At the beginning, faculties overload students with abstract knowledge—textbook answers to questions they never asked about observations they never made. Learning of this kind is the antithesis of scientific inquiry. Students who undergo this process can easily become doctors who “quote what is in the book and deny what is in the bed.” A number of studies, for example, have documented the phenomenon of students who unconsciously “fabricate” findings in patient examinations, perhaps because the findings “are consistent with their understanding of the disease believed to exist or because they are consistent with the ‘classic presentation’ of the disease felt to be most likely.”
After the beginning curriculum, medical students are thrust into clinical settings with the hope that they will somehow learn to apply their abstract knowledge to real patients effectively while mastering a broad range of manual skills. Yet, absent are the optimal conditions for learning—manageable scope, an individualized program, the opportunity for single-minded attention, careful progression from simple to complex tasks, close feedback. Learning tends to happen on a “sink or swim” basis, with students often left to their own devices, receiving less structure and less organized feedback than in their formal education. The environments in which students are placed do not assure mastery of essential skills. Nor do these environments foster the disciplined behaviors that medical decision making demands. Indeed, the medical school environment violates a basic educational principle stated by John Dewey: “We never educate directly, but indirectly by means of the environment. Whether we permit chance environments to do the work, or whether we design environments for the purpose makes a great difference.”

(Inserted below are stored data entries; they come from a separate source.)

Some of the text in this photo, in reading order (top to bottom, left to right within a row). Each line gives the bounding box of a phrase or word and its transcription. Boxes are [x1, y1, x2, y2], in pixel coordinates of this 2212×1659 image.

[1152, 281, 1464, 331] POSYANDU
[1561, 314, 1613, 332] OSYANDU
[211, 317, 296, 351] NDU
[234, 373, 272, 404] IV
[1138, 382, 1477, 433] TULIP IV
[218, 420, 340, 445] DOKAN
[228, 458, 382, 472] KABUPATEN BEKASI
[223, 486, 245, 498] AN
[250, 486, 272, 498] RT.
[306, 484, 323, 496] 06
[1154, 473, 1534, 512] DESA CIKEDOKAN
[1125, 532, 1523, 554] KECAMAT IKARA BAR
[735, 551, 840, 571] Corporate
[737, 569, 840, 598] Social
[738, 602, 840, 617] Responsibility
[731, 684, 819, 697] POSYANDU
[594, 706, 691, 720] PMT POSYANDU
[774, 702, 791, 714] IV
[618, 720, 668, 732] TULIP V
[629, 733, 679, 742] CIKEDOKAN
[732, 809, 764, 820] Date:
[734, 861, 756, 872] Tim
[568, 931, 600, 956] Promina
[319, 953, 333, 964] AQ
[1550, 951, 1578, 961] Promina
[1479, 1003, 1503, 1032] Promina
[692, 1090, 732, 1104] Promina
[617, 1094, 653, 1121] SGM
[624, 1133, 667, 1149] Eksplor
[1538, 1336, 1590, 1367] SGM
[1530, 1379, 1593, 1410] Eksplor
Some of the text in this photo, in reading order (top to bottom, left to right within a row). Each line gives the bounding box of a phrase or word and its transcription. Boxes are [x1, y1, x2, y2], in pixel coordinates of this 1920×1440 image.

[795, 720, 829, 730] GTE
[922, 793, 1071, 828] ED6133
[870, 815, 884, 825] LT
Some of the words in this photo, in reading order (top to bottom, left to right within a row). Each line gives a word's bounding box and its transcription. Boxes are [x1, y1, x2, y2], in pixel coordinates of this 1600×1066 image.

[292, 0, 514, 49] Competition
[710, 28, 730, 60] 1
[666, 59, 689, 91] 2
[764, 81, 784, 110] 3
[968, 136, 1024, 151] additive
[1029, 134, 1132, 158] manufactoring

Teaching skills and behaviors is not emphasized in medical education. Rather, its “traditional emphasis is on teaching a core of knowledge, much of it focused on the basic mechanisms of disease and pathophysiological principles.” But no definable core of knowledge is actually transmitted to or used by practitioners in patient care with any kind of uniformity. Whatever core of knowledge medical schools attempt to teach varies from one institution to another, students do not learn all they are taught, they retain only part of what they do learn, that residue varies with each individual, and some of that residue quickly becomes obsolete. Continuing education courses merely continue this futility. It should thus come as no surprise that continuing education has been found ineffective… [pp 195-200]
I think there is a bit of truth here. I know that I have been concerned about some of my recent hires. They came from top notch institutions (places like Hopkins, Cleveland Clinic, Mayo, Duke) and had excellent scores. Once out in practice they have had trouble adapting to working on their own, as they are incredibly rigid in their thinking. This is something new I had not seen in the last 25 years. Hope it is just an anomaly.